Phrase grounding data:
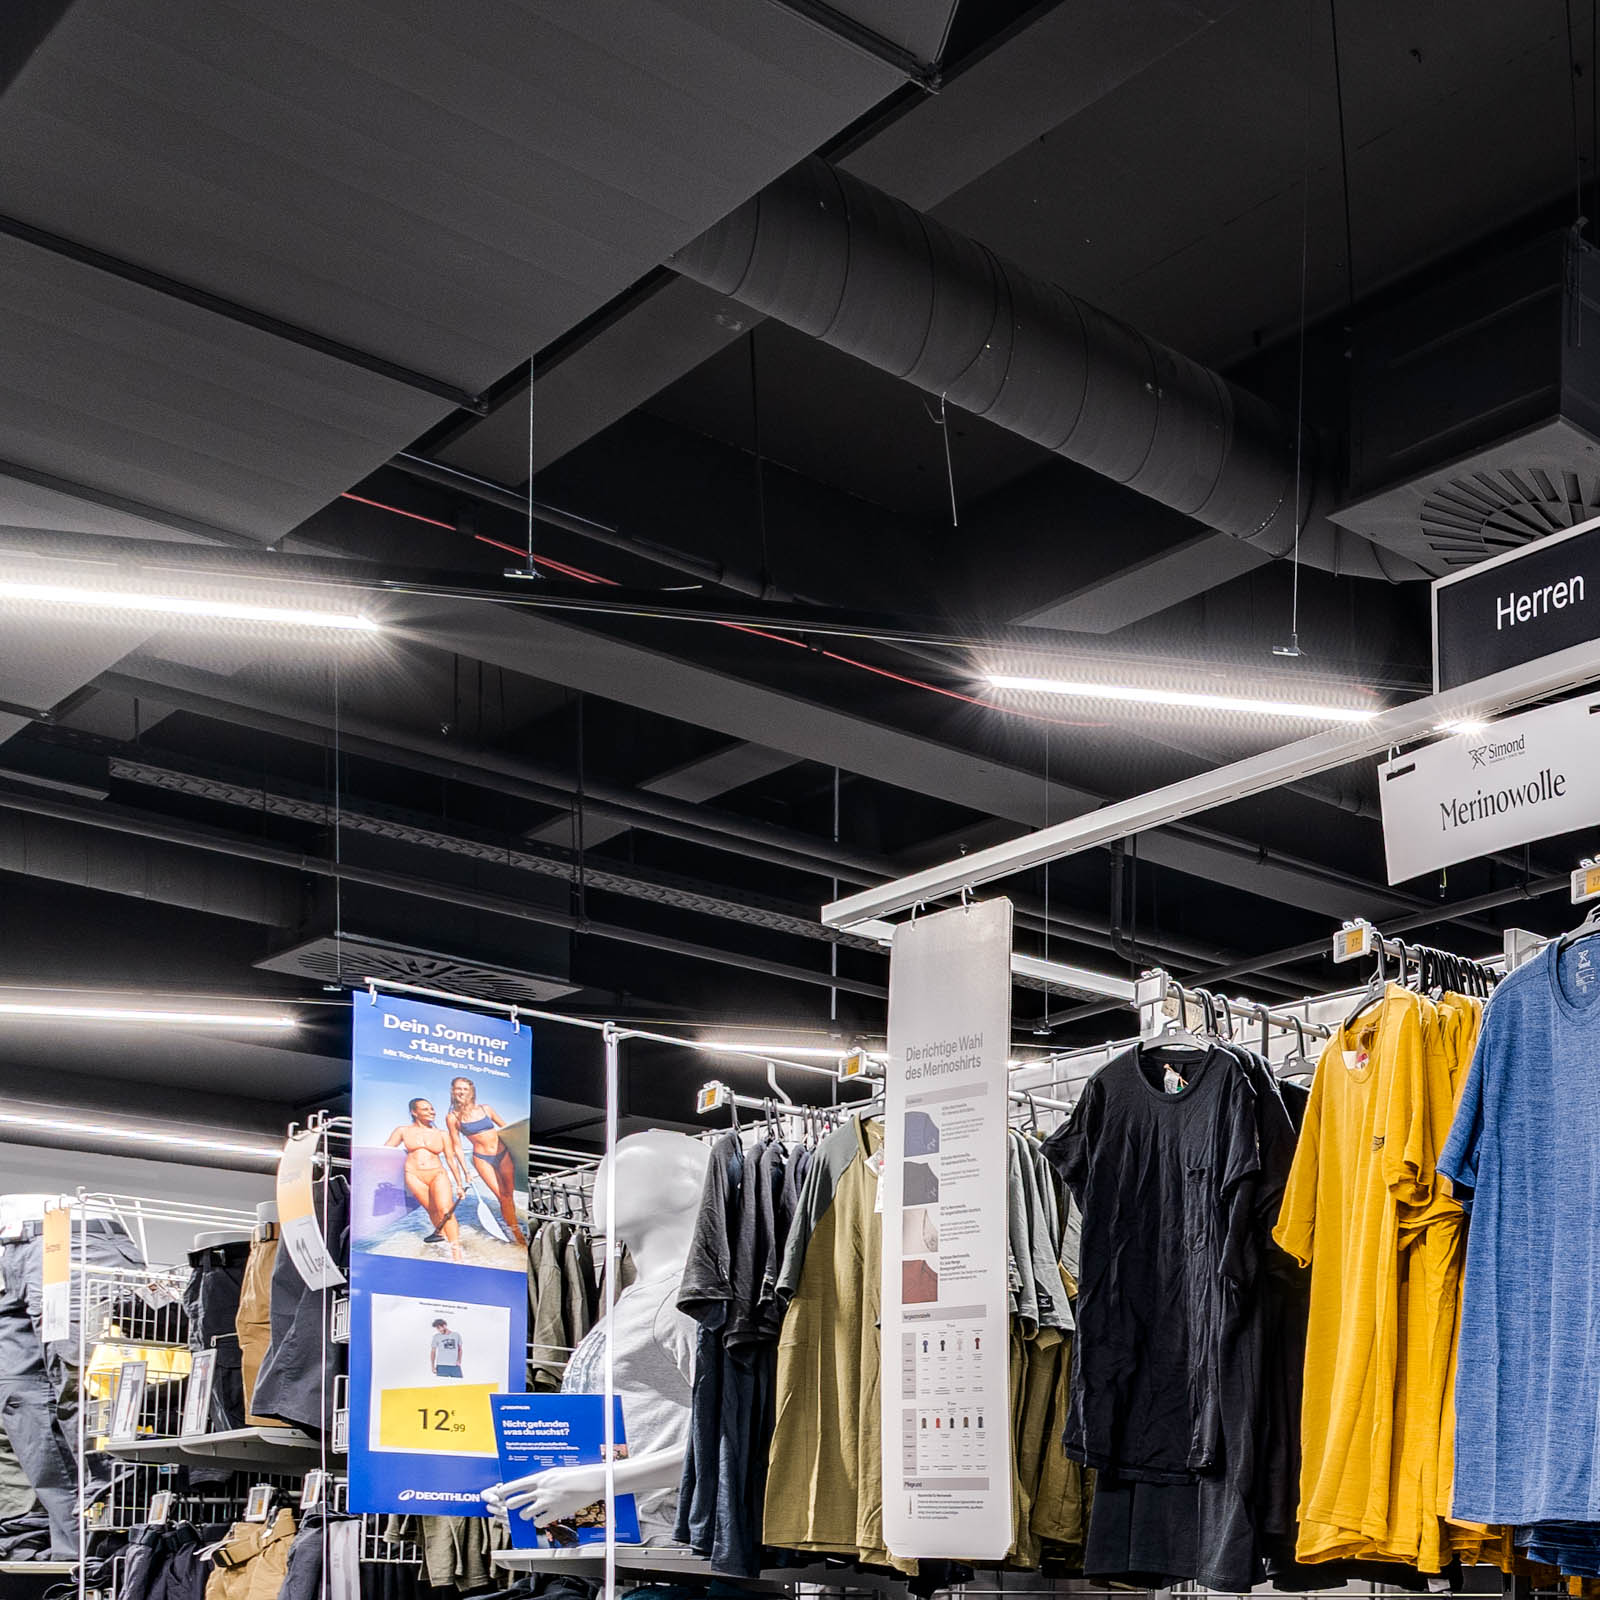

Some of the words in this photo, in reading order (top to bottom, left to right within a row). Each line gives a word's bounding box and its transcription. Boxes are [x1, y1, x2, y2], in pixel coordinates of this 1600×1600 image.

[1496, 575, 1584, 630] Herren
[1488, 733, 1525, 759] Simond
[1440, 768, 1566, 831] Merinowolle
[384, 1014, 429, 1036] Dein
[432, 1024, 509, 1051] Sommer
[409, 1039, 475, 1061] startet
[478, 1049, 511, 1068] hier
[906, 1047, 921, 1062] Die
[922, 1040, 957, 1059] richtige
[959, 1032, 983, 1052] Wahl
[905, 1067, 921, 1080] des
[923, 1055, 981, 1078] Merinoshirts
[502, 1420, 526, 1428] Nicht
[527, 1420, 569, 1430] gefunden
[523, 1428, 535, 1436] du
[535, 1428, 570, 1436] suchst?
[416, 1491, 480, 1503] DECATHLON

What you have to do
Every entry, word for word: repeat it, but skip the images.

Exercise result
Some of the words in this photo, in reading order (top to bottom, left to right within a row). Each line gives a word's bounding box and its transcription. Boxes are [x1, y1, x2, y2], in pixel coordinates of this 1600×1600 image.

[1496, 575, 1584, 630] Herren
[1488, 733, 1525, 759] Simond
[1440, 768, 1566, 831] Merinowolle
[384, 1014, 429, 1036] Dein
[432, 1024, 509, 1051] Sommer
[409, 1039, 475, 1061] startet
[478, 1049, 511, 1068] hier
[906, 1047, 921, 1062] Die
[922, 1040, 957, 1059] richtige
[959, 1032, 983, 1052] Wahl
[905, 1067, 921, 1080] des
[923, 1055, 981, 1078] Merinoshirts
[502, 1420, 526, 1428] Nicht
[527, 1420, 569, 1430] gefunden
[523, 1428, 535, 1436] du
[535, 1428, 570, 1436] suchst?
[416, 1491, 480, 1503] DECATHLON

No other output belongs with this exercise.